All my life I have disagreed with Henry David Thoreau: Unlike him, I think it is “worthwhile to go around the world to count the cats in Zanzibar.” That’s why inveterate travelers find the return to post-pandemic travel an exhilarating experience.
This spring, my husband and I were excited to resurrect an aborted trip abroad planned almost four years ago. We were so excited you might have thought it was something we’d never done before. The truth is, travel is in our DNA so having to stay close to home for so long was hard.
The joy of travel began when I was a child and the high point of summer was a family trip to Toronto to visit my father’s relatives. On the eve of the journey, my sister and I laid out new shorts, T-shirts and sandals to be ready when the alarm rang at 6 a.m. Teeth brushed and hair combed, we skipped to the back of the black Buick and didn’t argue with our brother for the window seat. We were too busy savoring breakfast at Howard Johnson’s, part of the annual ritual that always began our trip to another country.
Every year, we took a different route to enjoy the scenery. Pre-interstate and Holiday Inns, we drove through Pennsylvania Dutch country or New England or New York state, where we visited Ithaca’s gorges, the 1,000 islands, and of course, Niagara Falls. Every night, we looked for AAA-approved cabins in which to sleep, with their worn linoleum floors, chenille bedspreads and inevitable spiders. We thought it was pure heaven (except for the spiders).
Crossing the border was like going to a forbidden country. We had to answer questions about where we were going, why, and for how long, and reassure customs officials that we had nothing illegal with us. Once cleared to proceed, we headed to the falls to ride in the Maid of the Mist boat that went behind the falls, spraying us with water.

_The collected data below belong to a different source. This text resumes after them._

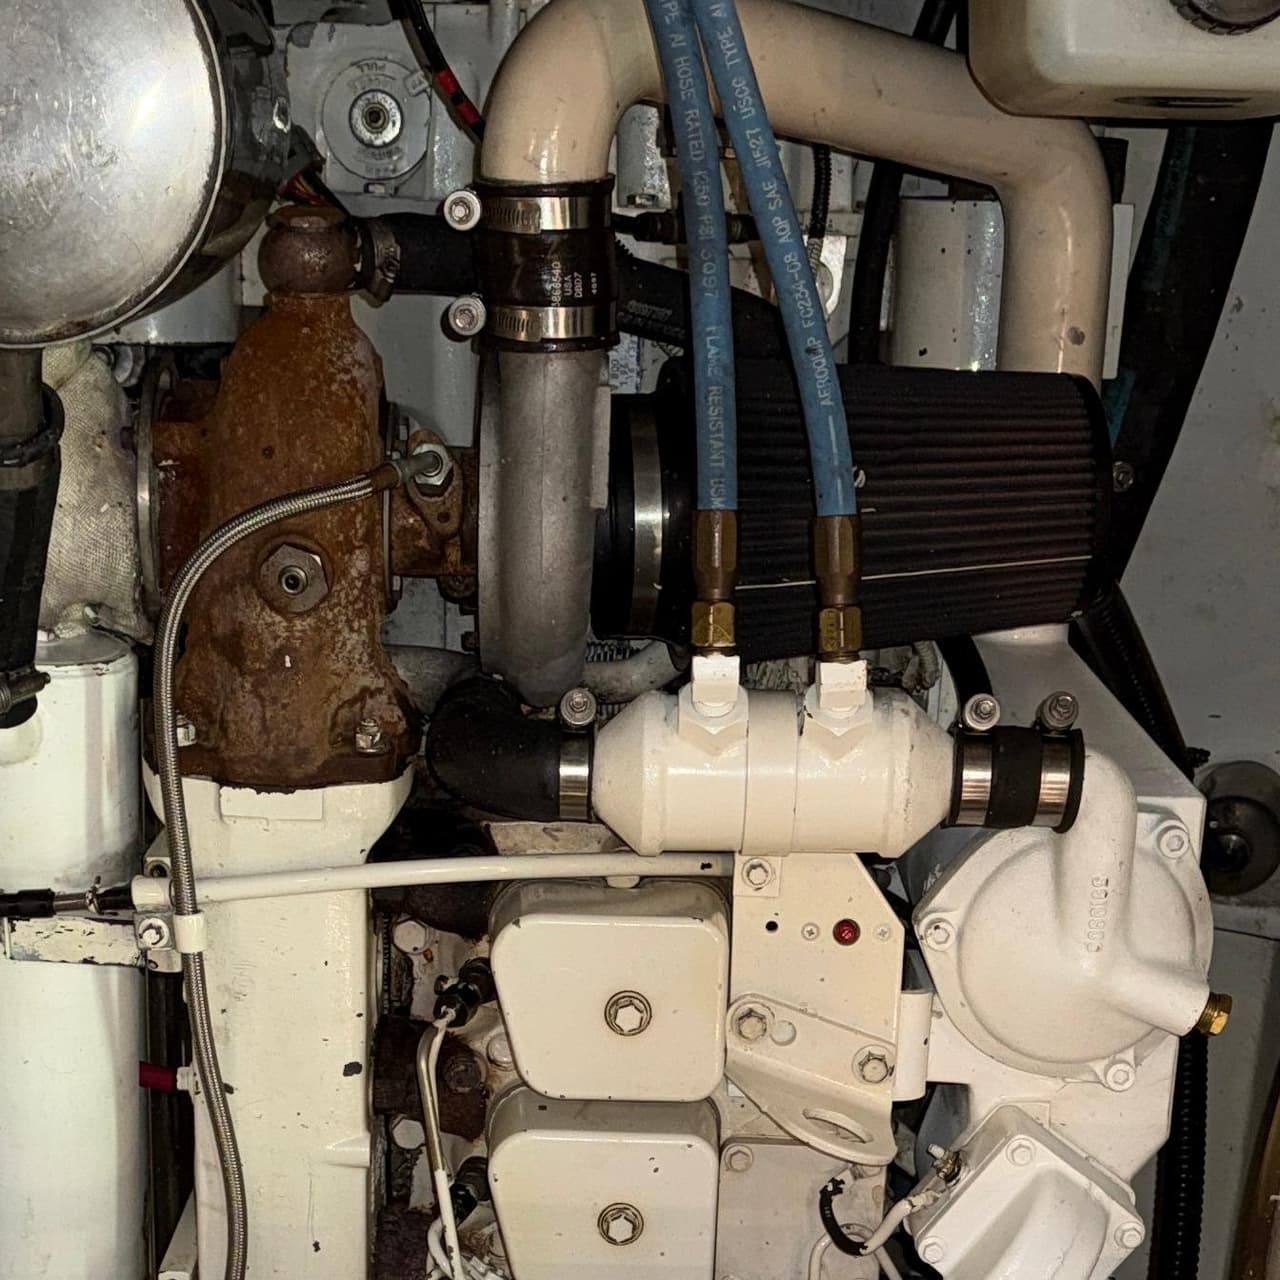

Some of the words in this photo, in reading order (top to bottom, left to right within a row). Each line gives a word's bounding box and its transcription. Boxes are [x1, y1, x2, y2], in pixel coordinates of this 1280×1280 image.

[717, 26, 741, 70] TYPE
[674, 56, 697, 100] HOSE
[684, 109, 705, 161] RATED
[762, 178, 783, 211] SAE
[708, 385, 726, 468] RESISTANT
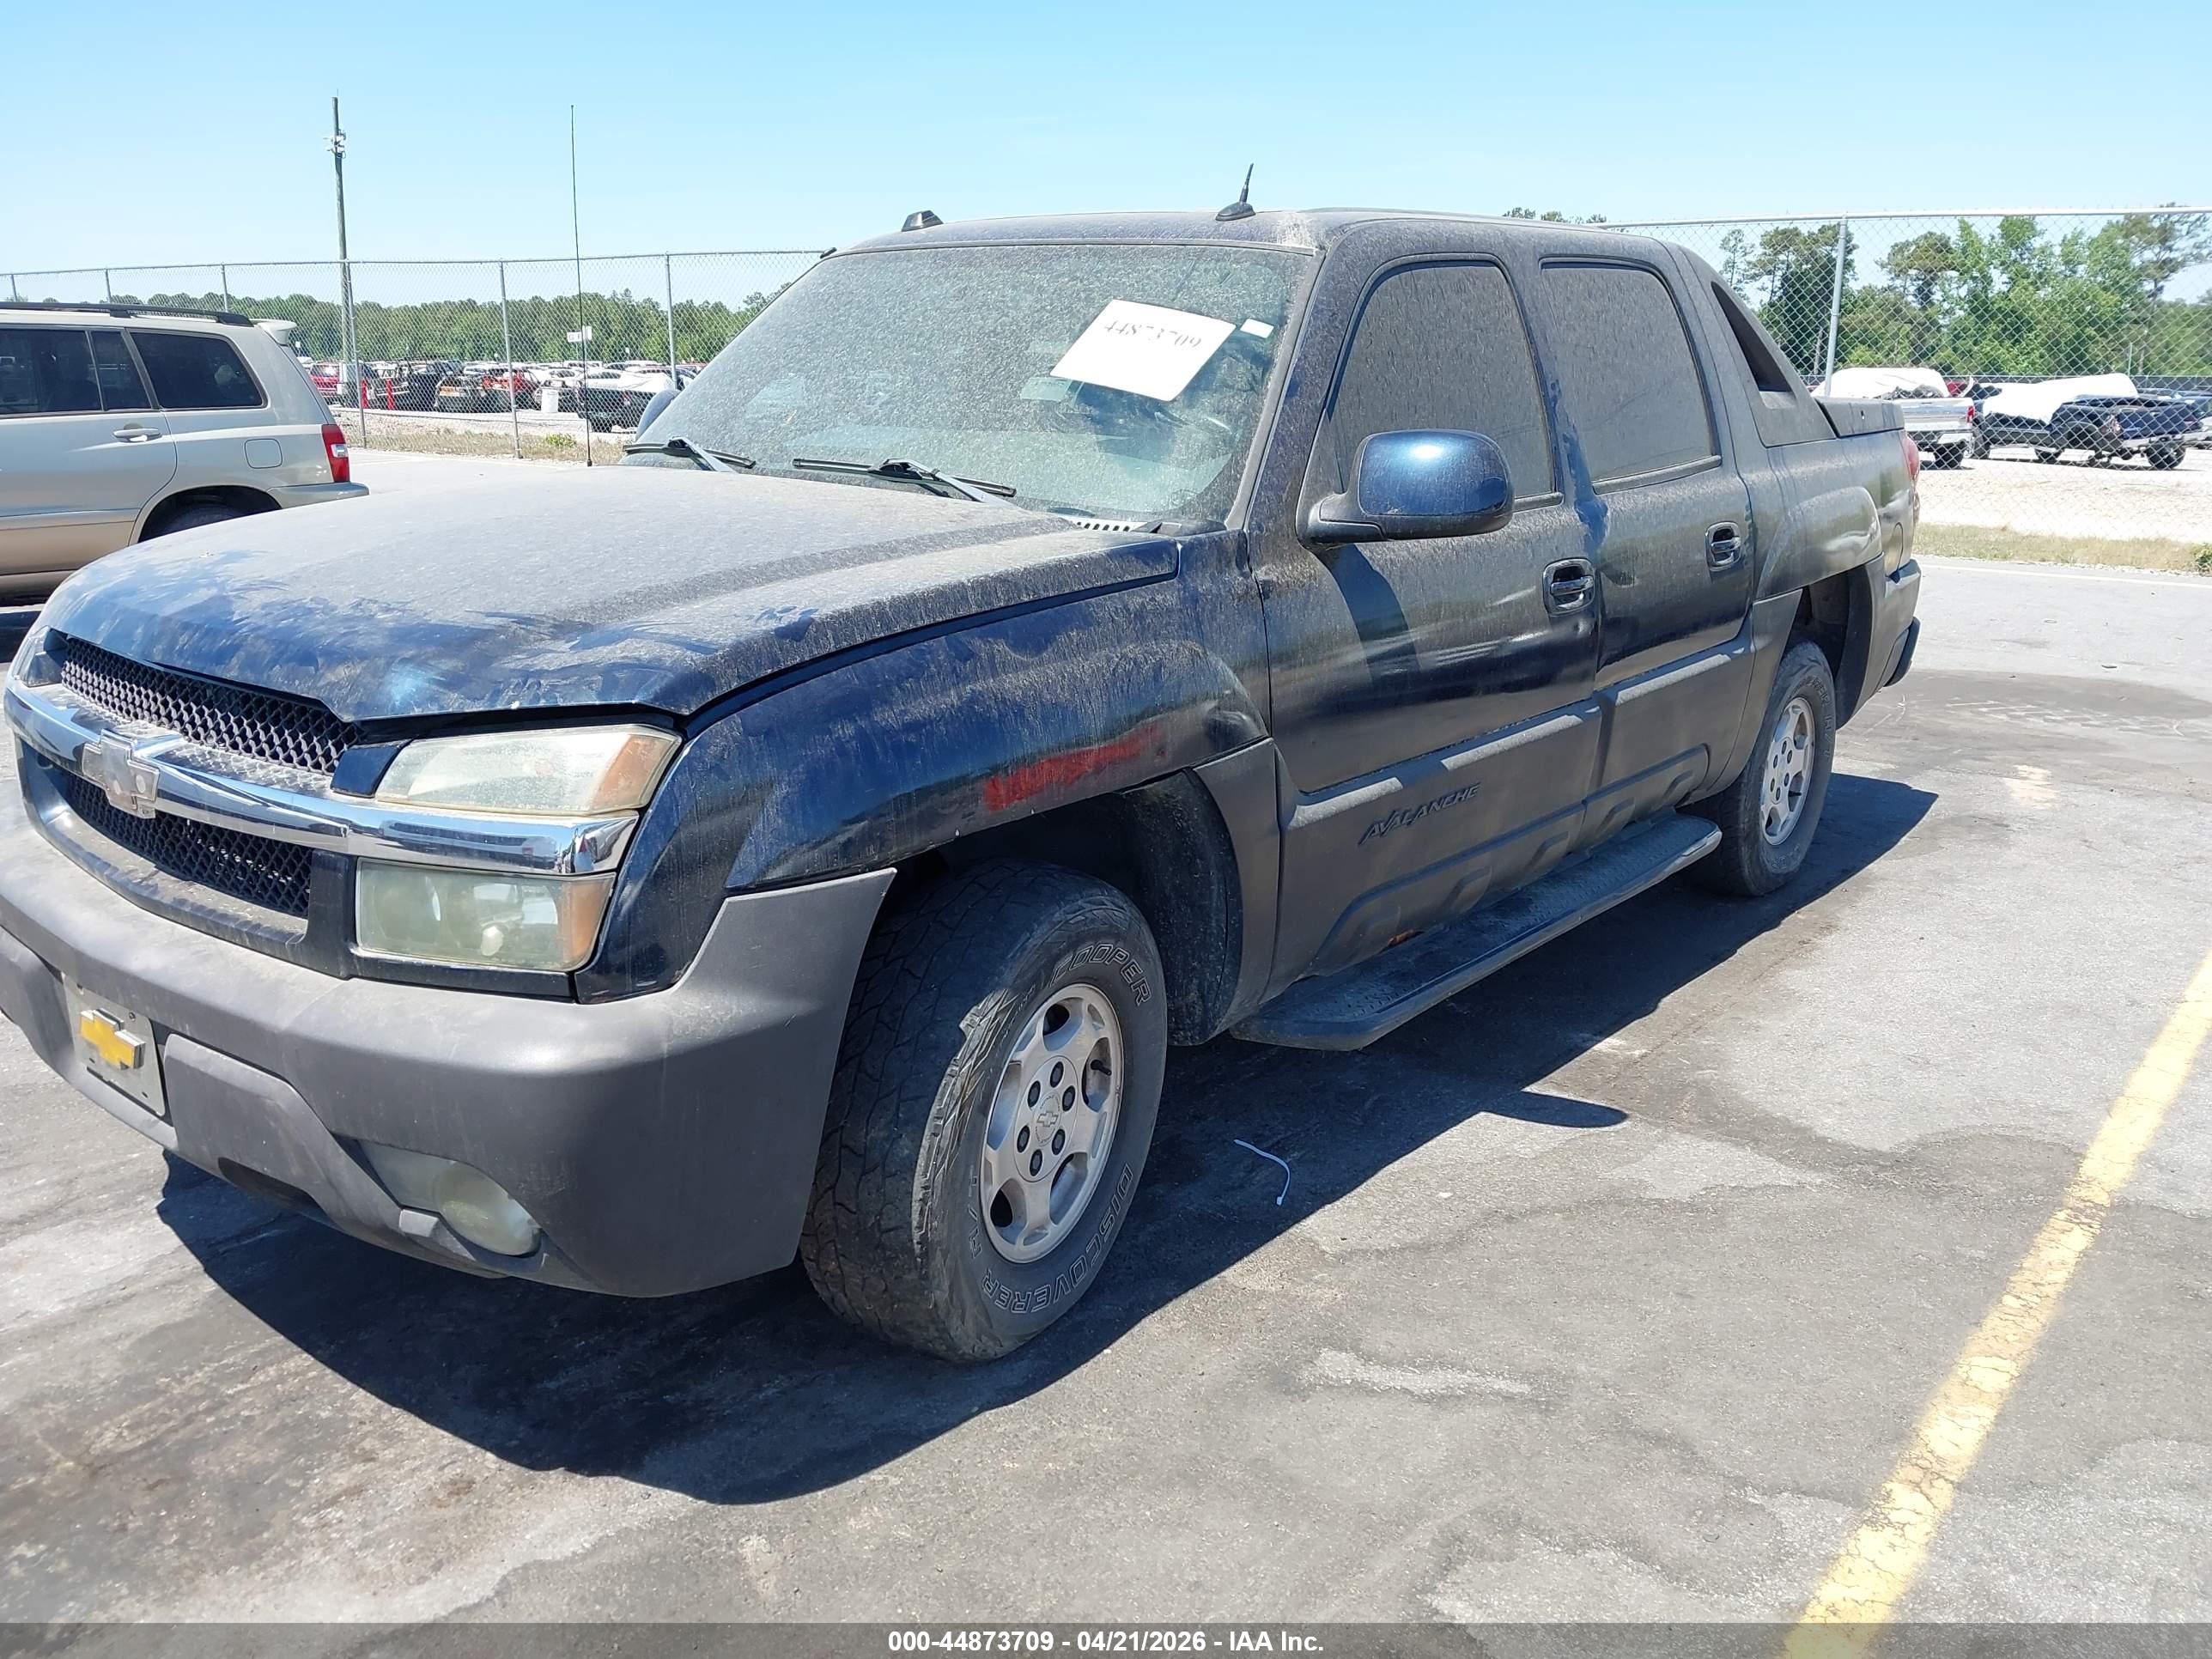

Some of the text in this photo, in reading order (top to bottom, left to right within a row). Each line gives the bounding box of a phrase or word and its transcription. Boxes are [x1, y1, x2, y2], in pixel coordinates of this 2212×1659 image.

In Toronto, we checked into the Royal York Hotel where a little man in a maroon uniform roamed the lobby every day calling out, “Call for Mr. Smith!” “Call for Mr. Jones!” The next morning, before heading to my grandfather’s cottage, we ate breakfast in The Honeydew Restaurant. Only then were we ready for the obligatory visits that lay ahead.
Later, in my early 20s, I took my first solo trip to Europe. I thought I’d died and gone to Heaven as I experienced Amsterdam, London, Paris, Rome and the Swiss landscape, relying on travel books that promised you could do this kind of thing economically. Relishing every moment and every conversation with fellow travelers from different cultures, I thought I’d go mad with the pleasure of it all. I marveled at the sight of Michelangelo’s David, wept in San Marco Square, thrilled at the pageantry of the Changing of the Guard, sat in cafés on the Champs-Élysées and smiled back at Mona Lisa. I even fell in love twice. More importantly, I knew my life had changed, and I would never stop traveling.
Luckily, I married a Brit who loves traveling as much as I do and with whom I was able to travel internationally because of his work, then mine. We even lived for a year in Thailand when I got a teaching gig there. We traveled like cockroaches then, scurrying around Southeast Asia, discovering new foods, new art and music, new friends, beautiful rituals and other ways of living.
Travel also offers a diverse and sometimes dramatic education. History, art, literature, religious beliefs all come alive as we are exposed to other cultures, rituals and norms. We become more curious, learn new ways of thinking or expressing ourselves, and grow in ways we never imagined.
Traveling also offers challenges. Before there was a single currency in Europe, I had to learn how to convert currencies, to communicate without a common language and to know the difference between the Alps and the Pyrenees. It was instructive and fun. I also had to develop bargaining skills and to know how to deal with dangerous situations. Luckily, in my experience, there is always someone to help.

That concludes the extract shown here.